Two narrow slits, distance d apart. Light passing through both interferes. Bright fringes where path difference is integer wavelengths (constructive). Dark fringes where it's half-integer (destructive). Fringe positions: y = m·λ·L/d, where L is screen distance. Iconic experiment showed light is wave (Young, 1801) and later that electrons also diffract (matter waves).

What's a diffraction grating?

A surface with many regularly spaced slits or grooves. Each slit diffracts; light from many slits interferes. Result — sharp, well-separated bright maxima. Grating equation: d·sin θ = m·λ. Used in spectrometers (separate wavelengths), CDs/DVDs (act as gratings), monochromators in lab. Higher slit density → wider angular separation.

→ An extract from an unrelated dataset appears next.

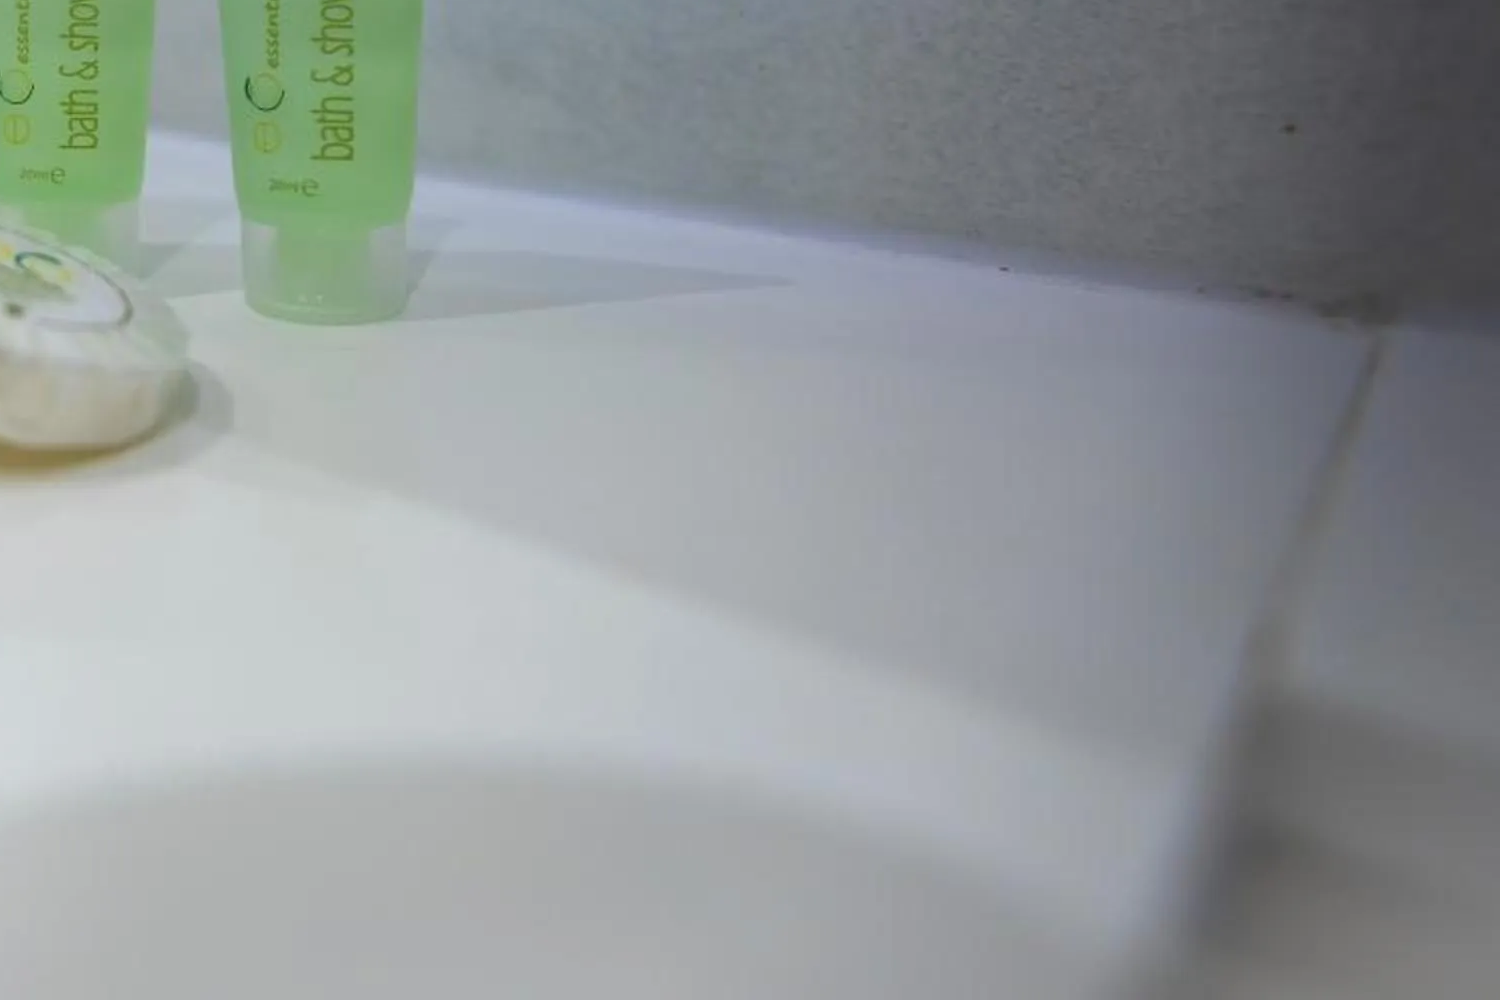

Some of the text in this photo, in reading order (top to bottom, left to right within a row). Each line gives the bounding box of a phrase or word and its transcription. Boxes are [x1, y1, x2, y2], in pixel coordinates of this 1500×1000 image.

How does diffraction limit telescopes?

Rayleigh criterion: minimum resolvable angle is ~1.22·λ/D, where D is aperture diameter. Larger telescopes resolve finer details. Hubble (D = 2.4 m, λ ~ 500 nm): minimum angle ≈ 0.05 arcsec. Larger telescopes (Webb 6.5m) resolve finer. Adaptive optics counters atmospheric turbulence; interferometry combines telescopes for even finer resolution.

What's X-ray diffraction?

X-rays (λ ~ 0.1 nm) interact with crystal lattice (atomic spacing ~0.1 nm). Bragg's law: 2d·sin θ = n·λ predicts diffraction maxima. By measuring angles, one can determine crystal structure. How DNA's double helix was discovered (Rosalind Franklin's images), how protein structures are solved, how materials are characterized.

Can sound waves diffract?

Yes, very effectively because of long wavelengths. Behind a building, you can hear sound but not see (light's λ is too short). Sound bends around corners, through windows. Audio engineering accounts for diffraction at edges of speakers. Antennas use diffraction to broadcast over the horizon.